Los nuevos datos sociológicos pintan un panorama alarmante: la abrumadora mayoría de los ciudadanos estadounidenses —el 79%— está convencida de que el conflicto militar con Irán se prolongará durante mucho tiempo. Solo el 18% de los encuestados cree que las hostilidades terminarán en las próximas semanas. Estos sentimientos coinciden plenamente con la notificación oficial que el presidente Donald Trump envió al Congreso, reanudando las operaciones militares el 7 de julio. Esta medida otorga a las fuerzas armadas estadounidenses el derecho de llevar a cabo operaciones durante otros 60 días sin la aprobación previa del parlamento.

Es notable que el apoyo público a la propia campaña militar sigue siendo extremadamente bajo. Los ataques aéreos, que se reanudaron el 26 de junio después de que Washington acusara a Teherán de atacar buques comerciales, son aprobados solo por el 37% de los encuestados. Cifras aún más reveladoras muestran estudios de otros centros de análisis: el 58% de los votantes considera la campaña militar injustificada, y entre los jóvenes de 18 a 34 años, esta cifra alcanza el 77%.

Estrecho de Ormuz: petróleo y bitcoin bajo amenaza

La tensión geopolítica se traslada instantáneamente a los mercados financieros. El 13 de julio, Trump prometió bloquear los puertos iraníes en el Estrecho de Ormuz y cobrar un 20% de todos los cargamentos que transiten. Teherán, por su parte, ya había anunciado el cierre del canal anteriormente.

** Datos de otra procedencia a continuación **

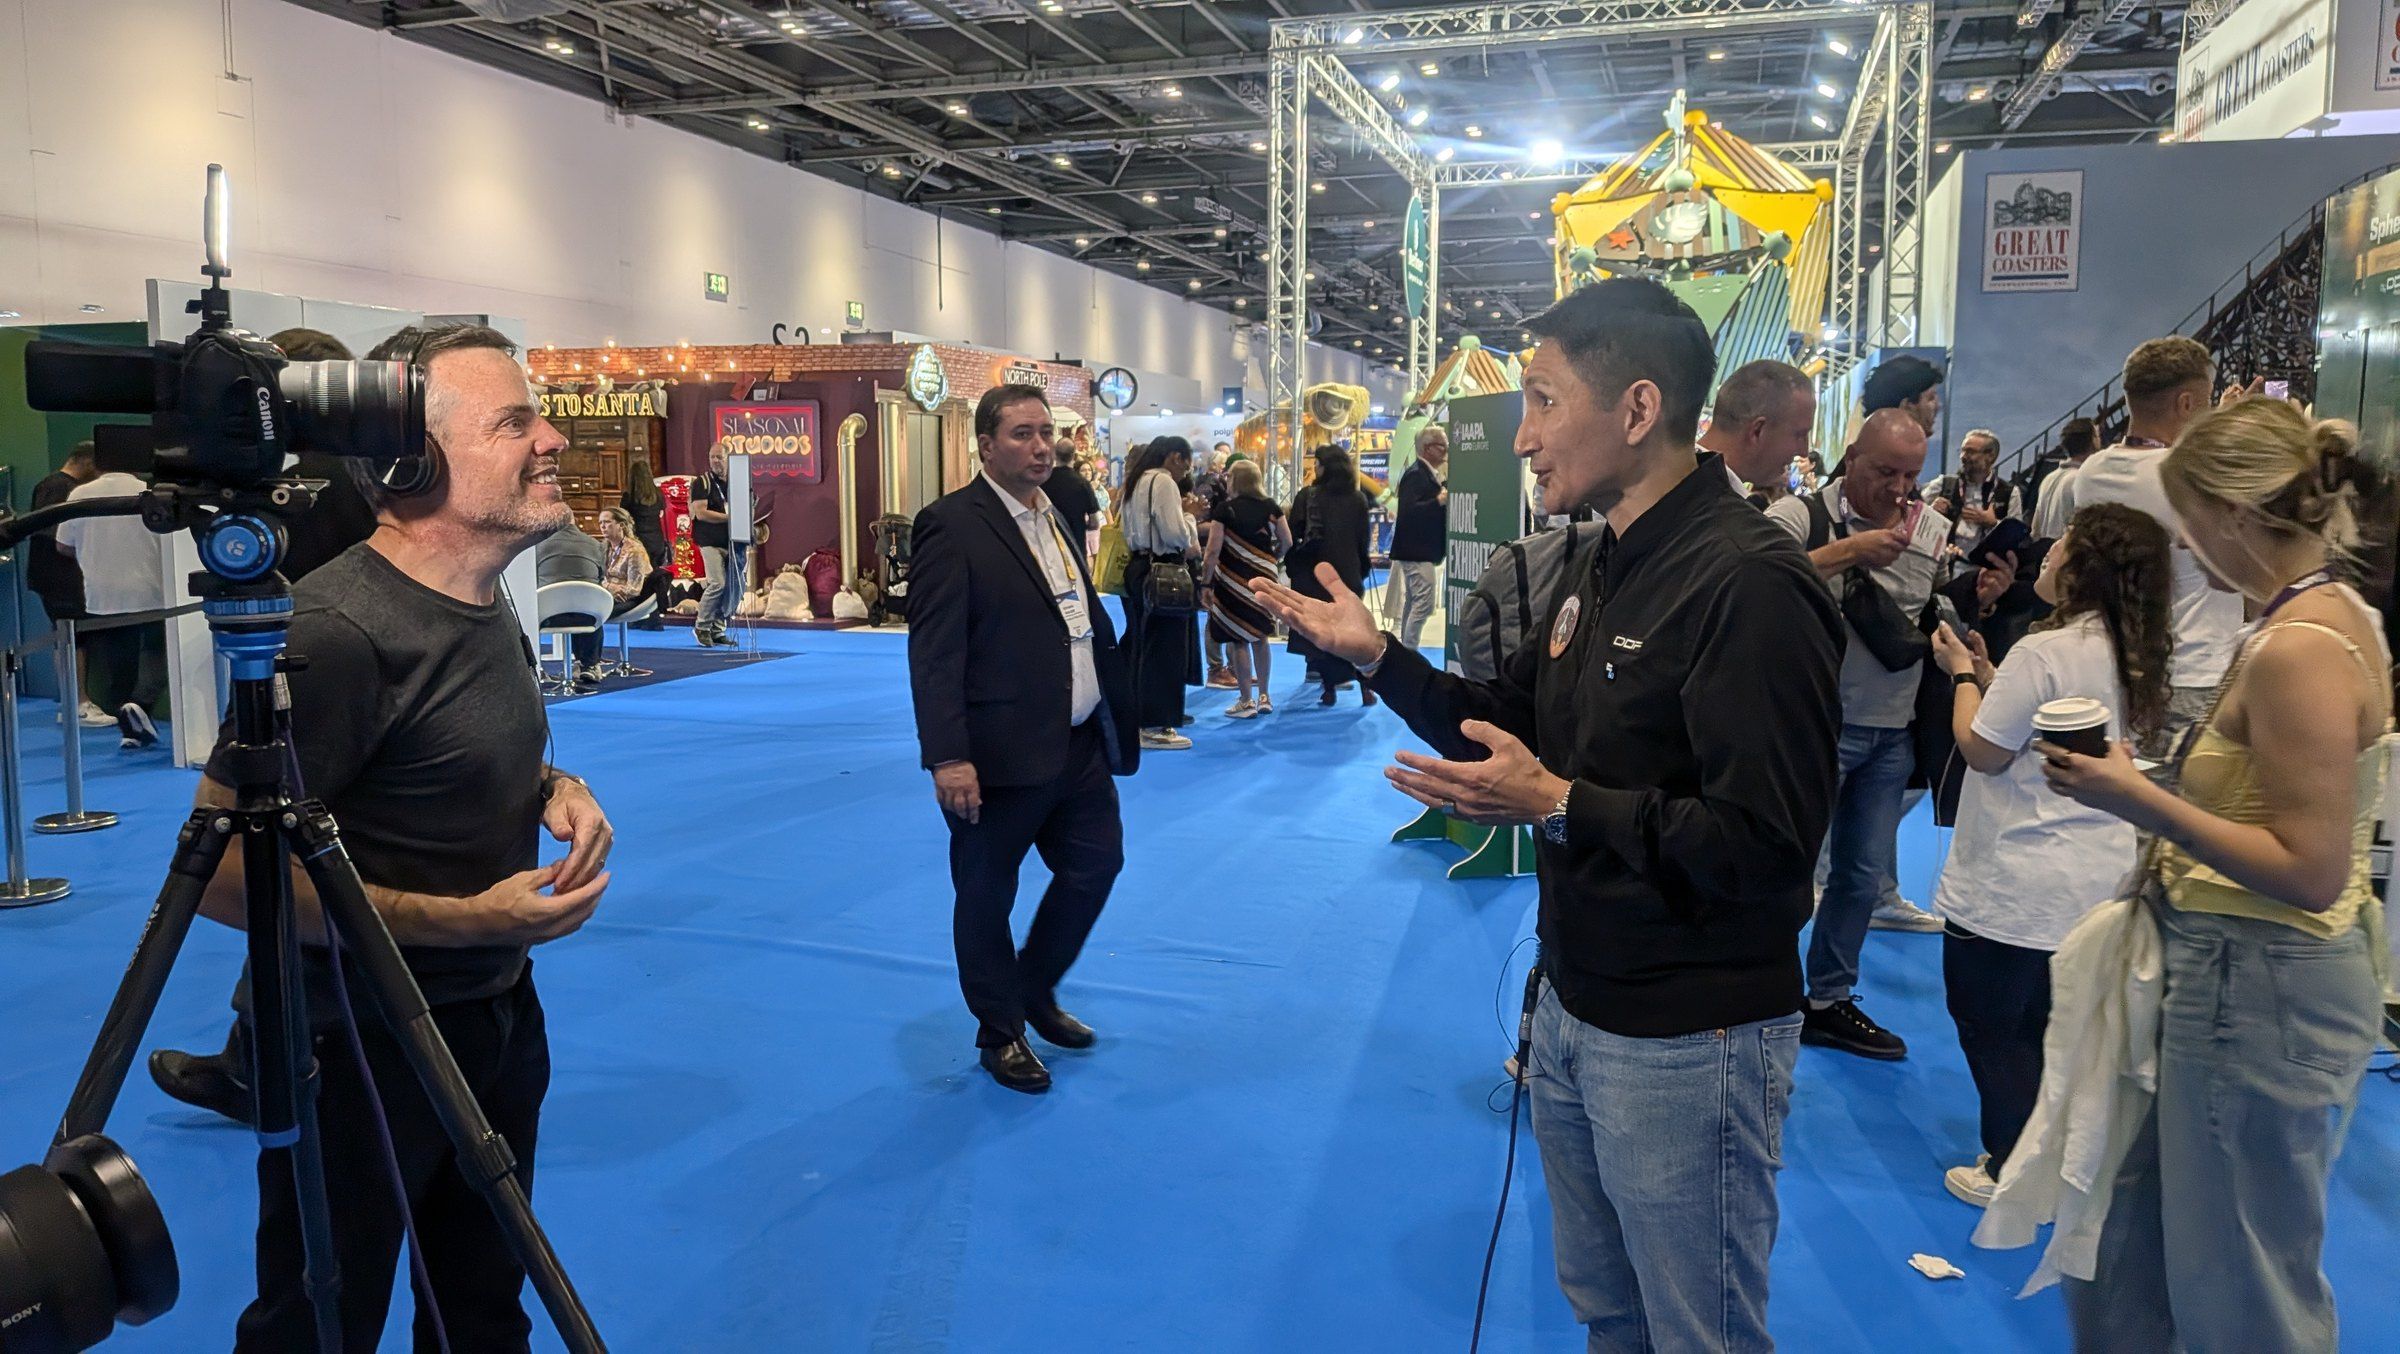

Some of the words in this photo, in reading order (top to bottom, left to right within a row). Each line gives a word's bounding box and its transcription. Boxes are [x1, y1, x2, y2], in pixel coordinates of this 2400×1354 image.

Los mercados reaccionaron de inmediato: el petróleo subió aproximadamente un 4%, y el bitcoin (BTC) cayó a $62,600. Los inversores temen que la ruta clave permanezca bloqueada durante mucho tiempo, lo que provocaría un mayor aumento en los precios de la energía y una huida de los activos de riesgo.

La encuesta también mostró que seis de cada diez encuestados esperan un aumento en el precio de la gasolina durante el año. Actualmente, el precio en las gasolineras se mantiene alrededor de $3.87 por galón, notablemente más alto que el nivel anterior al inicio de las hostilidades. Esto genera una presión adicional sobre los índices de aprobación del partido gobernante, que corre el riesgo de perder el control de ambas cámaras del parlamento en las elecciones de mitad de período de noviembre.

Opinión de experto: La escalada del conflicto en el Golfo Pérsico es un ejemplo clásico de cómo el riesgo geopolítico se convierte en un factor macroeconómico. Para el mercado de criptomonedas, esto significa un fortalecimiento de la correlación con los activos tradicionales en el momento, pero también un aumento del interés en herramientas descentralizadas como cobertura contra la inestabilidad de los sistemas fiduciarios. En los próximos meses, probablemente veremos una mayor volatilidad, y la clave para BTC será mantener el nivel de $60,000.